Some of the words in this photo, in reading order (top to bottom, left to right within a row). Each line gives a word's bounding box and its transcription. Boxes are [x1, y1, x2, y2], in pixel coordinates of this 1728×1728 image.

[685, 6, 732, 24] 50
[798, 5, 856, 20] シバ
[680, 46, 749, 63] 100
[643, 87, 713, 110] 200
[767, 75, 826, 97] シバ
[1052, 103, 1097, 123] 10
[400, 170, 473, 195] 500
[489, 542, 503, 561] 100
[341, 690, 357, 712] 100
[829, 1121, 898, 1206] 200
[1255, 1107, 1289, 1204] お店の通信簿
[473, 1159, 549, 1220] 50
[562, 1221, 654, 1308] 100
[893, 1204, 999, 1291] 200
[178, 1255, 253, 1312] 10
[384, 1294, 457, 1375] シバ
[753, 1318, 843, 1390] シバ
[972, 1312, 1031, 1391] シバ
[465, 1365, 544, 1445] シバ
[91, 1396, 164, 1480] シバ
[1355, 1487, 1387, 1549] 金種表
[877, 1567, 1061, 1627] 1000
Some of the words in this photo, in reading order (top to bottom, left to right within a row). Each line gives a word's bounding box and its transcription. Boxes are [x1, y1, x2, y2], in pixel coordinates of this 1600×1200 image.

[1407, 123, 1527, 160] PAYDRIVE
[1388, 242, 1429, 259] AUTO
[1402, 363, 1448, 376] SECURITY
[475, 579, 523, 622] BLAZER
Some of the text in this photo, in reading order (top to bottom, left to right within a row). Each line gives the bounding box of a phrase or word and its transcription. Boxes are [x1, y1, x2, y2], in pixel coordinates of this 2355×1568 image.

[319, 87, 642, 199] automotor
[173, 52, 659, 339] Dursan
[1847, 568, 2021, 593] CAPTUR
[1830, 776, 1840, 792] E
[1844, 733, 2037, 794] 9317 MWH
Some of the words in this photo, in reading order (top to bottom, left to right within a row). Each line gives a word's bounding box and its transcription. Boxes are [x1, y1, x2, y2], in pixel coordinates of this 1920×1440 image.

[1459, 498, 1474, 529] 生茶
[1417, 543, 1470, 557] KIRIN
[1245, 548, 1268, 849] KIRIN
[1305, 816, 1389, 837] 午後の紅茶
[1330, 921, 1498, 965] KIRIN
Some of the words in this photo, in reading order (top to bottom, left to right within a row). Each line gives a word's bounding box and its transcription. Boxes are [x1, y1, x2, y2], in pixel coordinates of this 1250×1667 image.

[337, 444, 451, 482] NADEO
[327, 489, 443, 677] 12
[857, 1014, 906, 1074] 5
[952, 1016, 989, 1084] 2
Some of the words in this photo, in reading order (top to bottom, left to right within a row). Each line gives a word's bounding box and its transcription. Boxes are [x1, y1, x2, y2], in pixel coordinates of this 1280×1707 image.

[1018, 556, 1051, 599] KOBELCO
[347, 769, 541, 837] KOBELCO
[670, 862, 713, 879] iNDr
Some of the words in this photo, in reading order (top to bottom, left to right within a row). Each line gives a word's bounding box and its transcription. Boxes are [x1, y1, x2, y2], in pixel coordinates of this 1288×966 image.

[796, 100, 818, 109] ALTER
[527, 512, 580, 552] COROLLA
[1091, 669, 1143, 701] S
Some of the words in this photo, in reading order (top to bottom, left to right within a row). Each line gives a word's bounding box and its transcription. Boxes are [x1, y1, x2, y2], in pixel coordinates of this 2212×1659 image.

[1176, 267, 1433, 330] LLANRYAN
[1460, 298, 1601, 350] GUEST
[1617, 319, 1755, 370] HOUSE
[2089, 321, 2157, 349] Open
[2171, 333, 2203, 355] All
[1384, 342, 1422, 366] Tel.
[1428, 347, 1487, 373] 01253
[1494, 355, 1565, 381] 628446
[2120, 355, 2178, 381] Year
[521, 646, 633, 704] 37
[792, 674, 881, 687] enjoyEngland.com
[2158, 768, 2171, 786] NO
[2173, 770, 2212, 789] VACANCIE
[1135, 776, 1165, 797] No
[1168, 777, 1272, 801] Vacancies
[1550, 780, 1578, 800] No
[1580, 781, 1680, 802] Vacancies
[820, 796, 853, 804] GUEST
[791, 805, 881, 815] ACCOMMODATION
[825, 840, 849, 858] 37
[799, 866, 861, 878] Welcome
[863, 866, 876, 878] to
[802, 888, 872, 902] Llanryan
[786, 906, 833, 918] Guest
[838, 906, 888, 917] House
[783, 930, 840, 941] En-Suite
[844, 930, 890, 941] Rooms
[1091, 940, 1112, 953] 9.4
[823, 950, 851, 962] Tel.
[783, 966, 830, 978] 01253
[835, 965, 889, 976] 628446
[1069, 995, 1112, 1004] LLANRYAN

● **Directions**:
Print exactly the lines that run from the line containing "this 1280×1707 image." to the end of the data, both ends included.

● **Response to the task**:
Some of the words in this photo, in reading order (top to bottom, left to right within a row). Each line gives a word's bounding box and its transcription. Boxes are [x1, y1, x2, y2], in pixel coordinates of this 1280×1707 image.

[1018, 556, 1051, 599] KOBELCO
[347, 769, 541, 837] KOBELCO
[670, 862, 713, 879] iNDr
Some of the words in this photo, in reading order (top to bottom, left to right within a row). Each line gives a word's bounding box and its transcription. Boxes are [x1, y1, x2, y2], in pixel coordinates of this 1288×966 image.

[796, 100, 818, 109] ALTER
[527, 512, 580, 552] COROLLA
[1091, 669, 1143, 701] S
Some of the words in this photo, in reading order (top to bottom, left to right within a row). Each line gives a word's bounding box and its transcription. Boxes are [x1, y1, x2, y2], in pixel coordinates of this 2212×1659 image.

[1176, 267, 1433, 330] LLANRYAN
[1460, 298, 1601, 350] GUEST
[1617, 319, 1755, 370] HOUSE
[2089, 321, 2157, 349] Open
[2171, 333, 2203, 355] All
[1384, 342, 1422, 366] Tel.
[1428, 347, 1487, 373] 01253
[1494, 355, 1565, 381] 628446
[2120, 355, 2178, 381] Year
[521, 646, 633, 704] 37
[792, 674, 881, 687] enjoyEngland.com
[2158, 768, 2171, 786] NO
[2173, 770, 2212, 789] VACANCIE
[1135, 776, 1165, 797] No
[1168, 777, 1272, 801] Vacancies
[1550, 780, 1578, 800] No
[1580, 781, 1680, 802] Vacancies
[820, 796, 853, 804] GUEST
[791, 805, 881, 815] ACCOMMODATION
[825, 840, 849, 858] 37
[799, 866, 861, 878] Welcome
[863, 866, 876, 878] to
[802, 888, 872, 902] Llanryan
[786, 906, 833, 918] Guest
[838, 906, 888, 917] House
[783, 930, 840, 941] En-Suite
[844, 930, 890, 941] Rooms
[1091, 940, 1112, 953] 9.4
[823, 950, 851, 962] Tel.
[783, 966, 830, 978] 01253
[835, 965, 889, 976] 628446
[1069, 995, 1112, 1004] LLANRYAN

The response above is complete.